There was at least one good thing that came out of Kobe’s rap career, though (and no, it wasn’t this). Kobe’s childhood friend Russell “Russ” Howard, who served as one of the main producers on Kobe’s ill-fated project, spoke with Bleacher Report recently and talked about what it was like to work with Kobe. He documented how hard Kobe worked on the album, the serious approach he took to honing his craft, and the disappointment they all felt when Sony pulled the plug on the project. But he also pointed out that, on a personal level, Kobe played an instrumental role in helping him land the biggest beat placement of his entire career.
It seems Kobe loved what Russ came up with for his album and thought he should be working with other rappers, too. So one day, while Kobe was on the set of the music video for Mariah Carey’s “Heartbreaker,” he stepped to Jay Z and told him about the producer. And even though Kobe wasn’t exactly an established voice when it came to dishing out music recommendations, Hov listened to what he had to say and ended up working with Russ.
From the B/R piece:
Howard and Bryant were in constant communication about what direction they wanted to pursue. Bryant, so happy with his friend's work, approached Jay Z on the set of the “Heartbreaker” music video and recommended the legendary rapper to check out his friend. Not long after, Howard was working with Brooklyn's own on Vol. 3 Life and Times of S. Carter, producing the beats of “S. Carter” and “There's Been a Murder.”
And Russ wasn’t the only one of Kobe's producers who ended up on Jay Z’s Vol. 3. Back in 2013, Grantland ran a lengthy story about the “secret history” of Kobe’s rap career, and it included a small nugget buried deep in the footnotes about how another producer Kobe was working with at the time also ended up doing some work for Jay Z before working with other Roc-A-Fella artists. Sean “S-Dot” Francis, a producer from Philadelphia, worked alongside Russ on the same two Vol. 3 tracks after a chance meeting with Jay Z during a studio session with Kobe.
From the Grantland piece:
“Kobe is in the booth rapping,” Francis says. “All of a sudden, I look in the reflection of the booth and I see this diamond chain—all diamonds—with a Rocawear shirt. Then I heard someone say, 'It sounds like you know what you’re doing in there.' And it was Jay Z. [Sony A&R] Lenny Nicholson told Kobe to come out of the booth. Kobe was like, 'What’s up?' Jay said, 'I heard you’re doing big things.' He’s like, 'Yeah, I’m getting it together.' Jay’s like, 'Let me hear what you got.' So we played him some things and he asked us if we produced…Next thing you know, [Russell and I] did two beats [“S. Carter” and “There’s Been a Murder”] on Vol. 3…The Life and Times of S. Carter.”

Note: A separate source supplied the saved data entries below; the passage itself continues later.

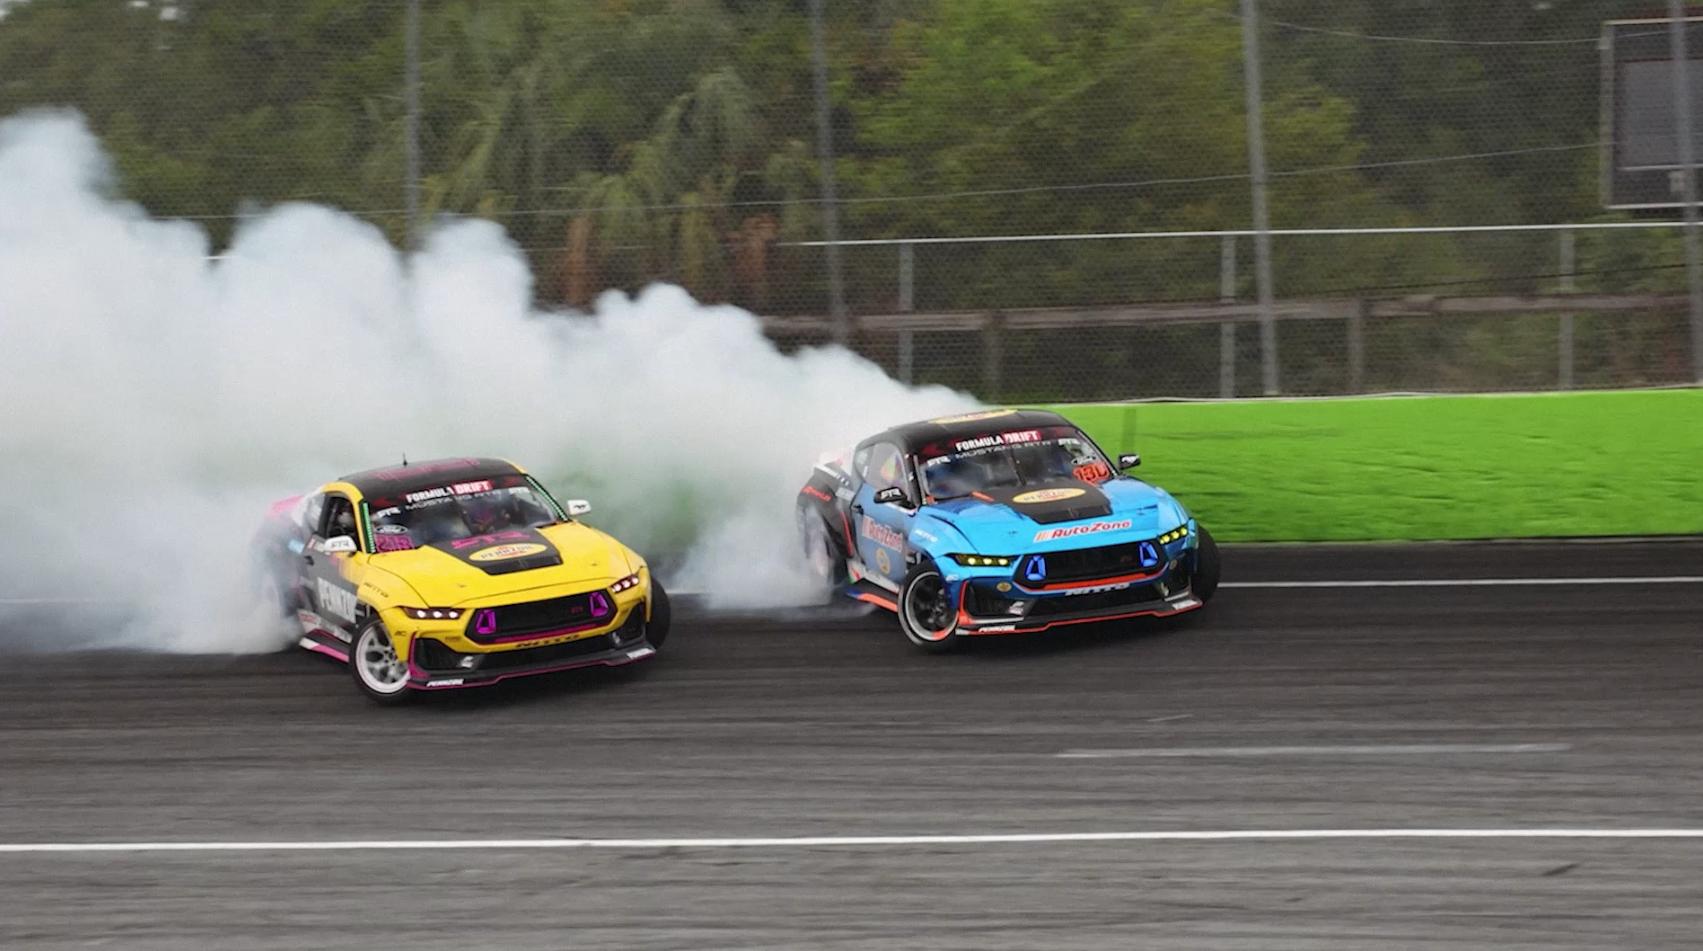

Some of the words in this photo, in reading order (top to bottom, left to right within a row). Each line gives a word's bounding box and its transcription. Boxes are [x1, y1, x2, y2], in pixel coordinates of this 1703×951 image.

[955, 435, 1004, 451] FORMULA
[1003, 431, 1039, 444] DRIFT
[405, 486, 454, 503] FORMULA
[453, 480, 490, 495] DRIFT
[1052, 520, 1130, 538] AutoZone
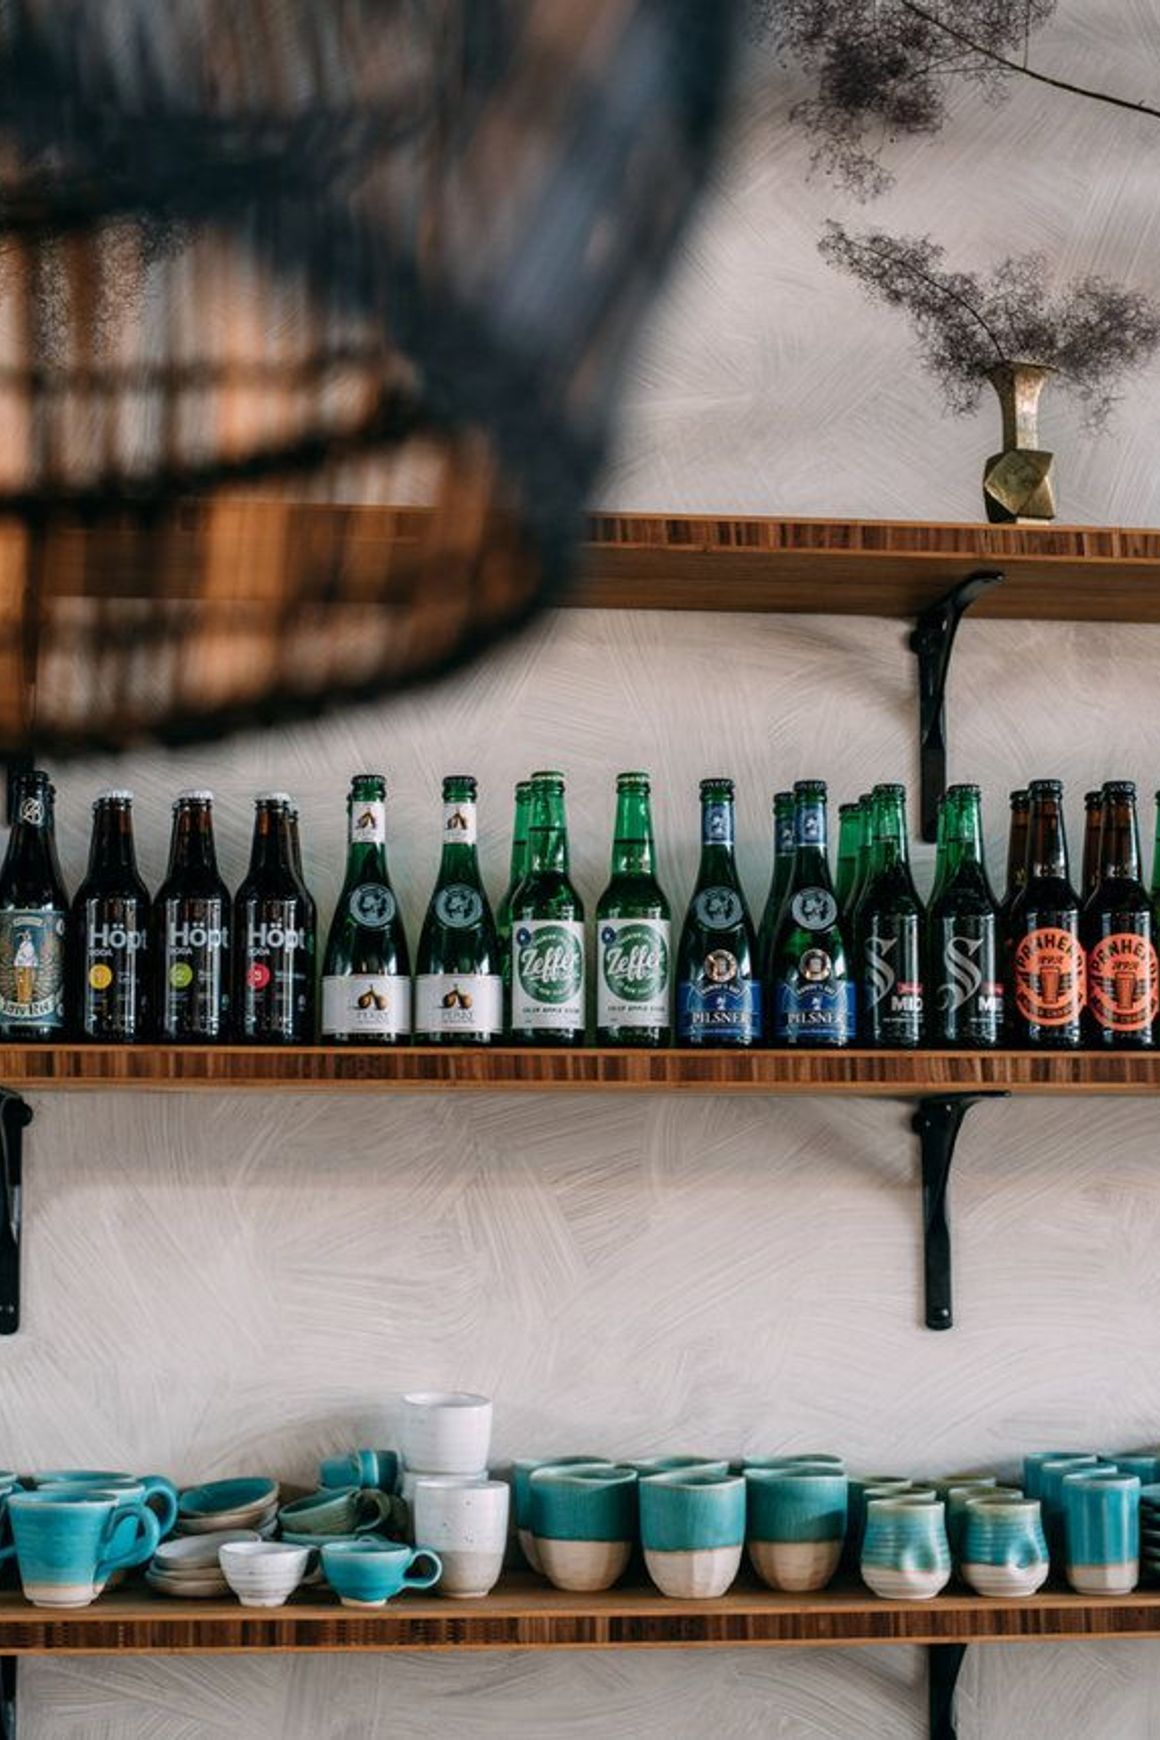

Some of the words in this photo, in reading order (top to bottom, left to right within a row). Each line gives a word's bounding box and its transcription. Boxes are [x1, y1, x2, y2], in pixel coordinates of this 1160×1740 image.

[89, 922, 147, 954] Höpt
[169, 921, 229, 952] Höpt
[247, 922, 306, 953] Höpt

After working with Jay Z, Howard went on to work with DMX, Lupe Fiasco, Paul Wall, and more. Francis, meanwhile, landed beats on projects from Beanie Sigel, State Property, and others. So hey, at least Kobe’s debut album wasn’t a total waste, right?
Oh, and if you’re wondering where the songs from that album ended up after it got shelved, Howard provided B/R with the answer. “They’re out there,” he said. “Ray Donovan has them.”